Fast Generation of Simulation-Quality Structural Ensembles of Mixed-Chirality Cyclic Peptides via Diffusion Models

Cyclic peptides are an emerging therapeutic modality, with recent computational efforts focusing on the design of cyclic peptides that predominantly adopt a single conformation. However, many cyclic peptides adopt multiple conformations in solution, existing as structural ensembles. This conformational flexibility is often integral to their function: chameleonic switching between alternative states can enhance membrane permeability, and specific conformations may be required for molecular recognition and binding. Consequently, the ability to predict their structural ensembles is crucial for advancing the de novo design of cyclic peptide therapeutics. Here, we introduce diffusion models to efficiently and accurately predict structural ensembles of mixed-chirality cyclic peptides.
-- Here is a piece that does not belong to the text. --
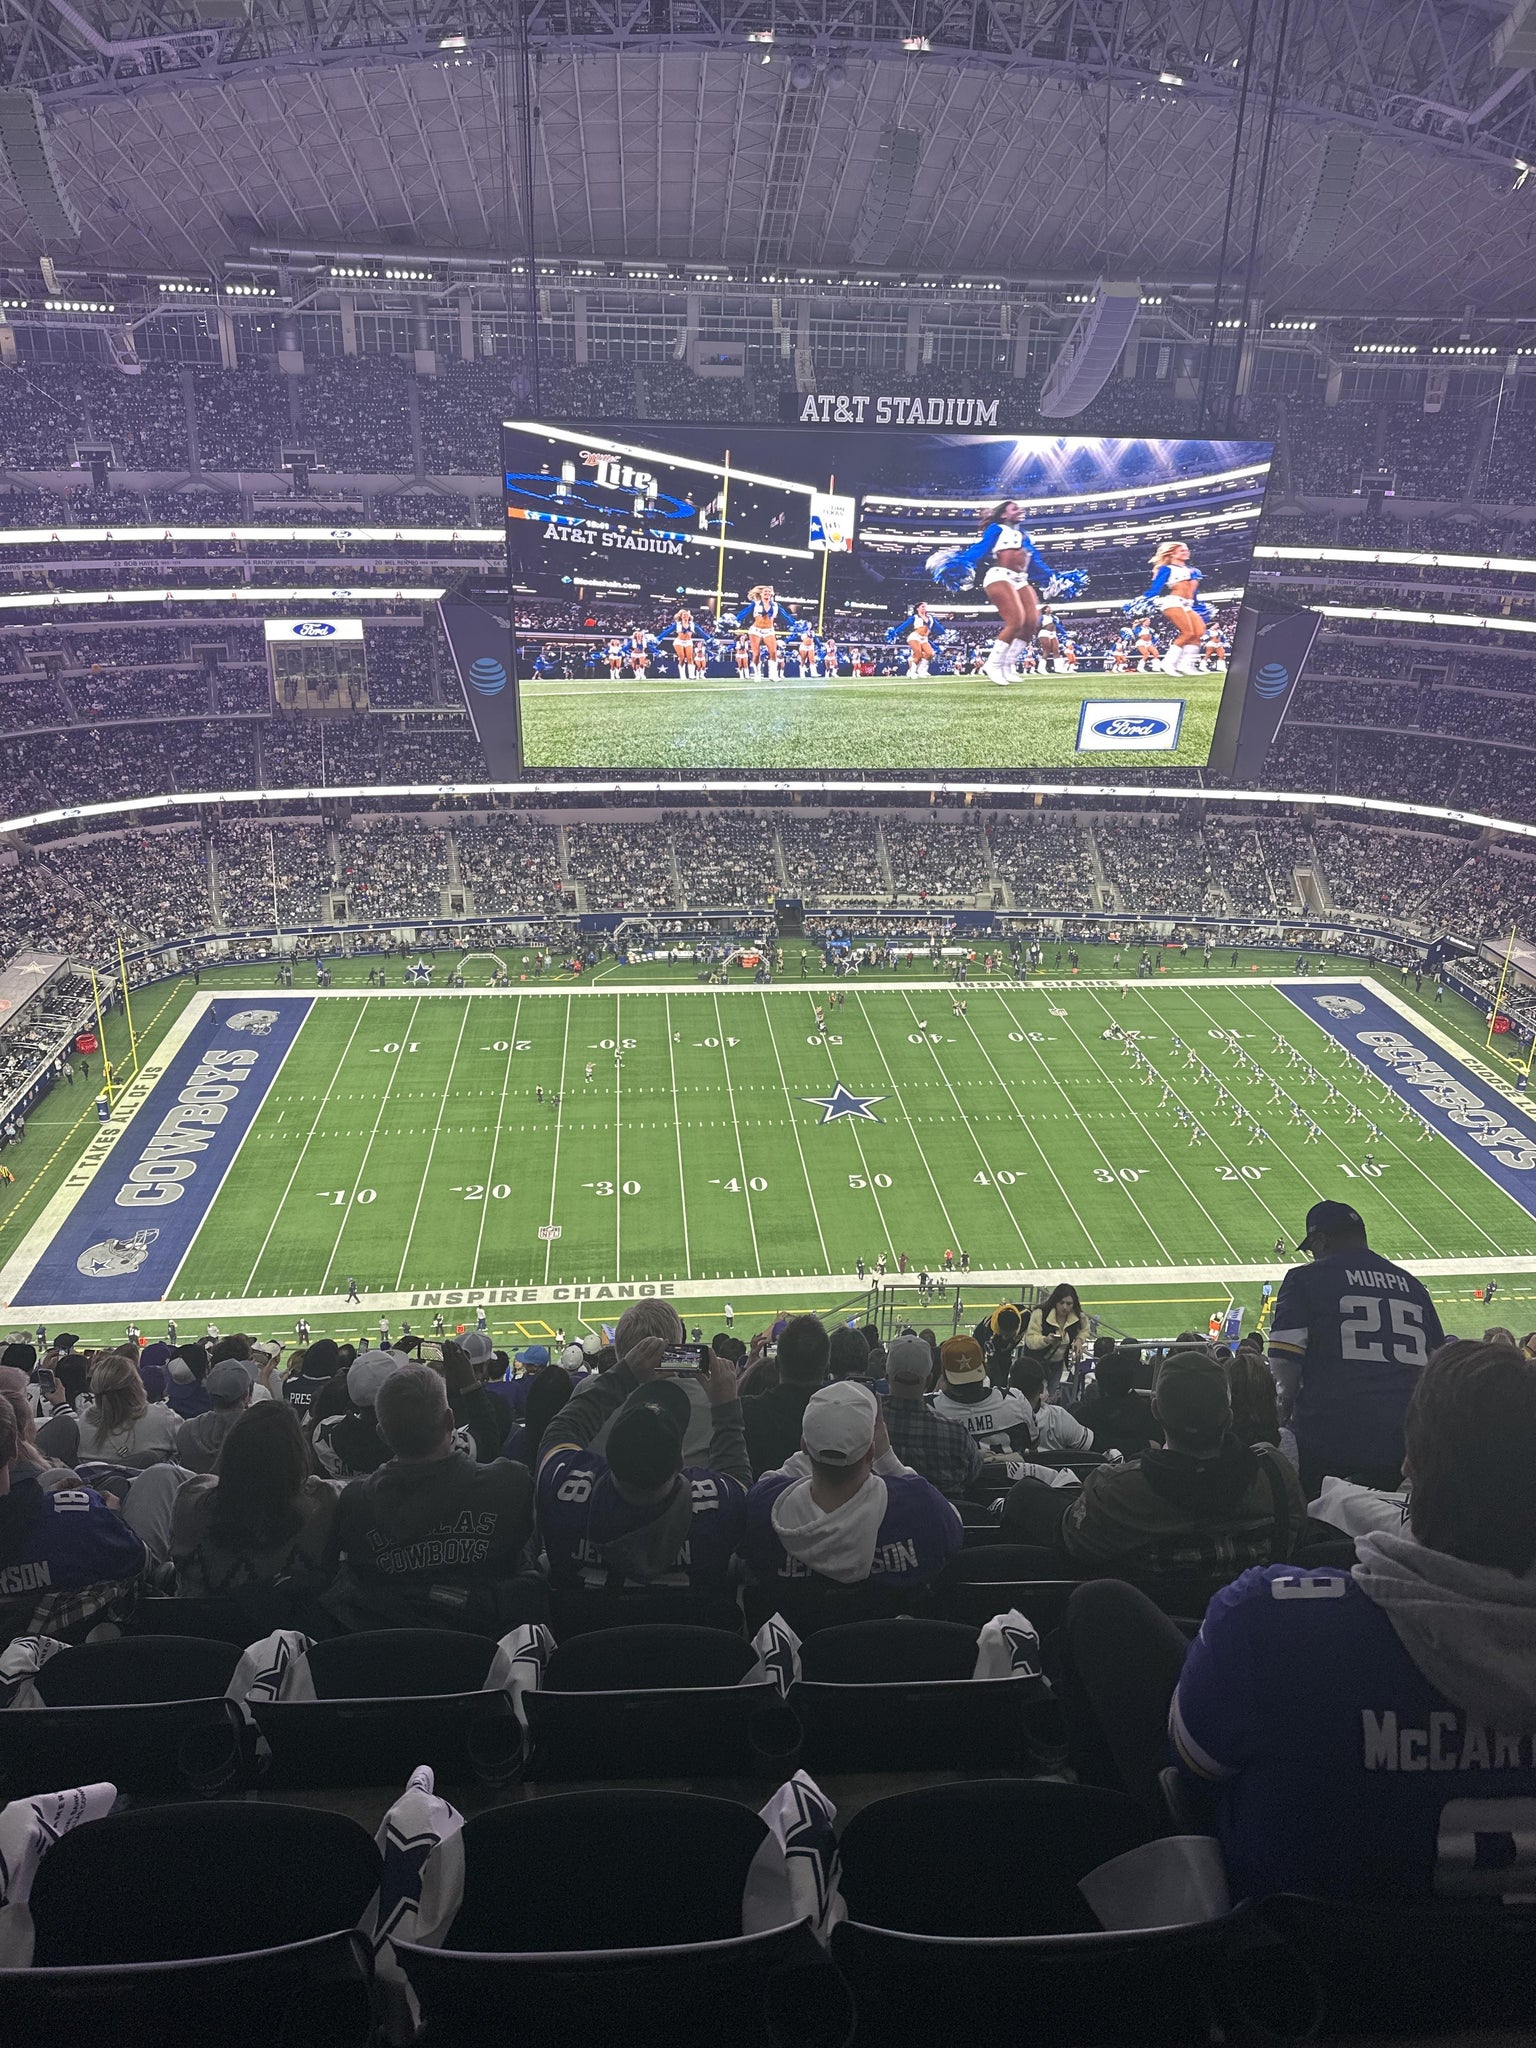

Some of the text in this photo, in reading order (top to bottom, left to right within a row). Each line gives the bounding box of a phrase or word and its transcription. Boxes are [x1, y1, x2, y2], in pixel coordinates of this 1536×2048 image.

The models are trained directly on molecular dynamics (MD) simulation data; in particular, each frame of the simulation becomes a single training instance in which a structure is represented as sine and cosine values of backbone dihedral angles. The trained diffusion model can not only generate MD-quality structures of cyclic peptides, but also the generated structures follow the Boltzmann distribution sampled in the MD simulation, enabling a deeper understanding of the physicochemical basis of cyclic peptide properties and allowing efficient computational design of cyclic peptides targeting biologically relevant systems.